The model as it stands is based on working through science museums (as a direct link to citizens), universities (bringing innovative ideas and research and analysis capabilities to the table) and non-partisan policy research organizations (providing policy relevance, and interfacing with decision makers).  While at an early stage of development, it clearly draws on the ideas of independence, input from experts and laypersons, and strong connections to policymakers (the report stresses the need for a physical presence in Washington DC).

Does the idea have legs?  I’m not sure yet, although I would be the first to agree that movement along these lines is desperately needed if the US is to develop strategic and sustainable technology innovation policies.  Looking to the future, it’s hard to justify letting innovation run its course without any form of intervention – if the recent economic crisis has taught us anything, it’s that.  As advances in science and technology, global communications and coupling between humanity and the environment in which we live continue to converge together, there is a social and economic imperative to help ensure technology innovation leads to long-term progress.  And assuming that everything will fall out in the wash without proactive intervention is both naive and short sighted.  The only real question is how to go about controlling the future.

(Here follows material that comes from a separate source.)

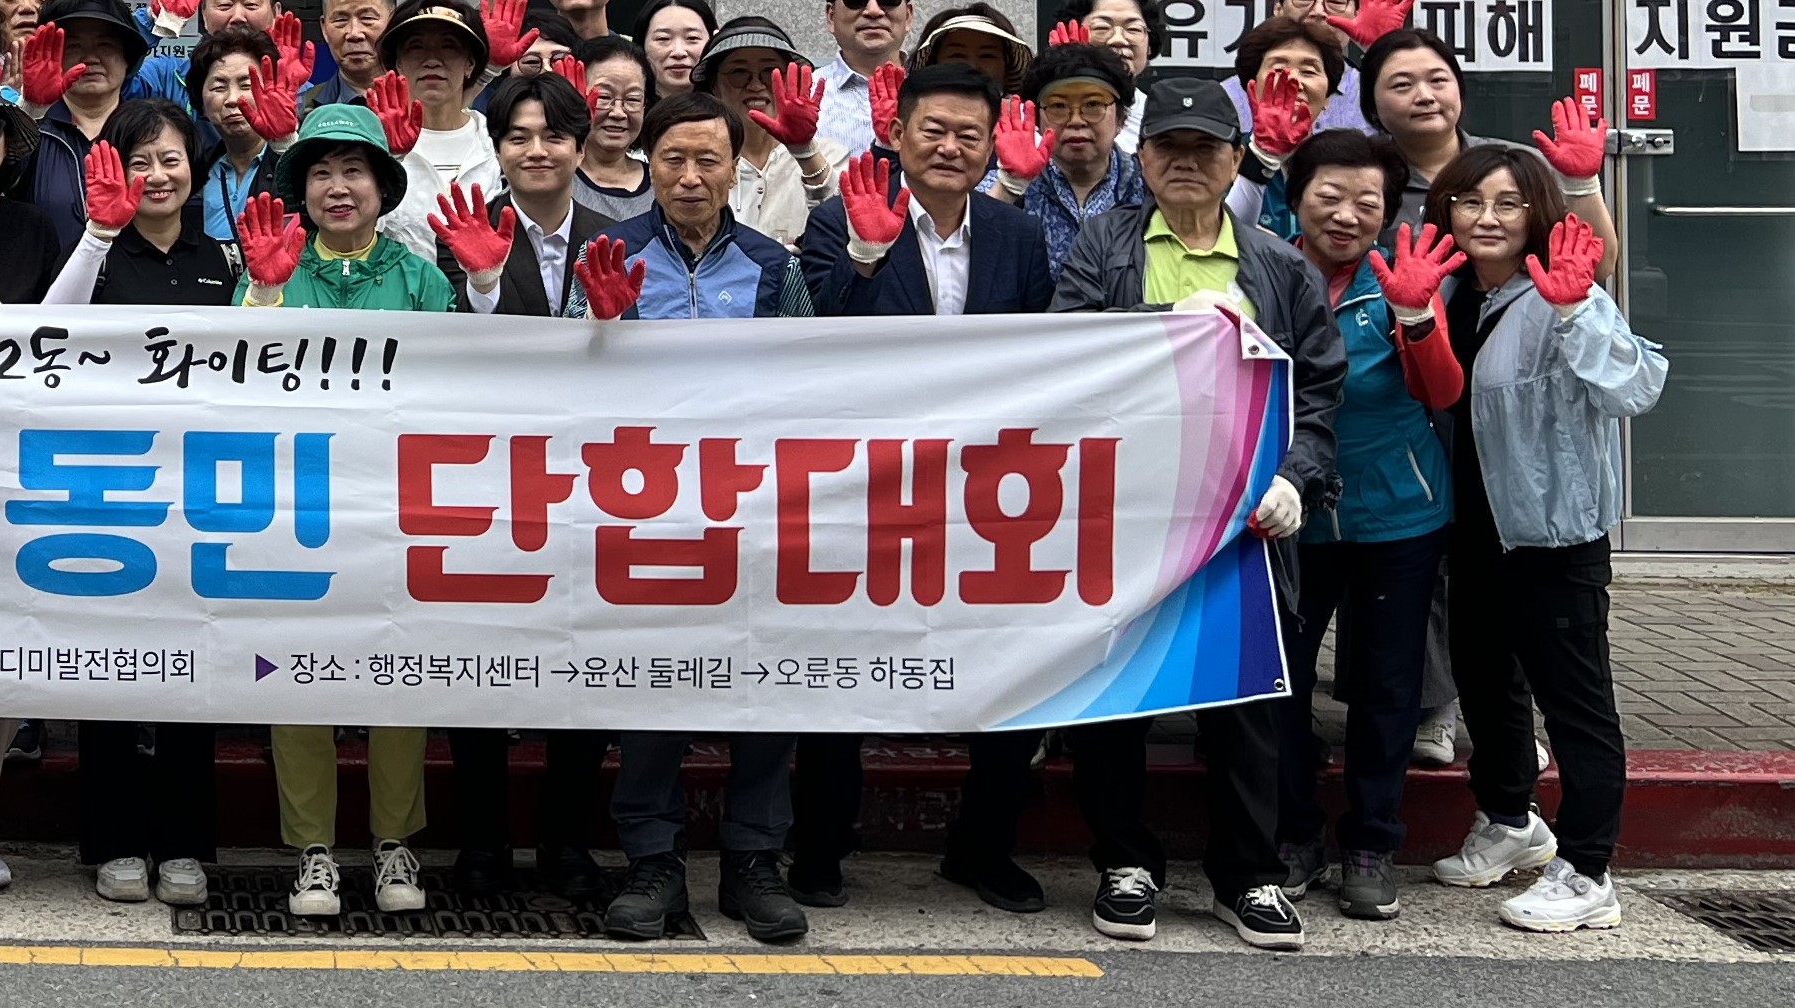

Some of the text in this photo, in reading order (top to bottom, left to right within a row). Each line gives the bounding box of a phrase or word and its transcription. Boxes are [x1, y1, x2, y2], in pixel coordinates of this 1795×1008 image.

I would argue strongly that, as stakeholders in the future, citizens have a right and a responsibility to be a part the process.  Richard’s proposal is definitely a significant move in this direction.  It’s not perfect – I have questions over the legitimacy of the process, sources of funding, the ability of the proposed network to make a difference, and translating academic ideals into practical reality.  Nevertheless, it’s an exciting and innovative step forward, and one that I will be following with interest.

I don’t particularly like the thought that we are slaves to innovation – I may be overly optimistic, but I would like to believe that humanity has the ability to choose future courses that are more likely to improve people’s lives.  But as our “inventions” get increasingly more sophisticated, it’s going to take more than luck and good intentions to ensure that what looks good on paper doesn’t turn out to be yet another “bad idea.” Hopefully, innovations like ECAST will help empower people to work together towards a future in which technology innovation is more likely to solve problems, than create new ones.


I feel I should add a disclaimer to this post, as Richard Sclove’s report was published by an organization I was a part of until recently – the Science & Technology Innovation Program at the Woodrow Wilson Center.  However, I was not in any way associated with the development and writing of the report, and indeed the first time I saw it was earlier today when it was publicly released.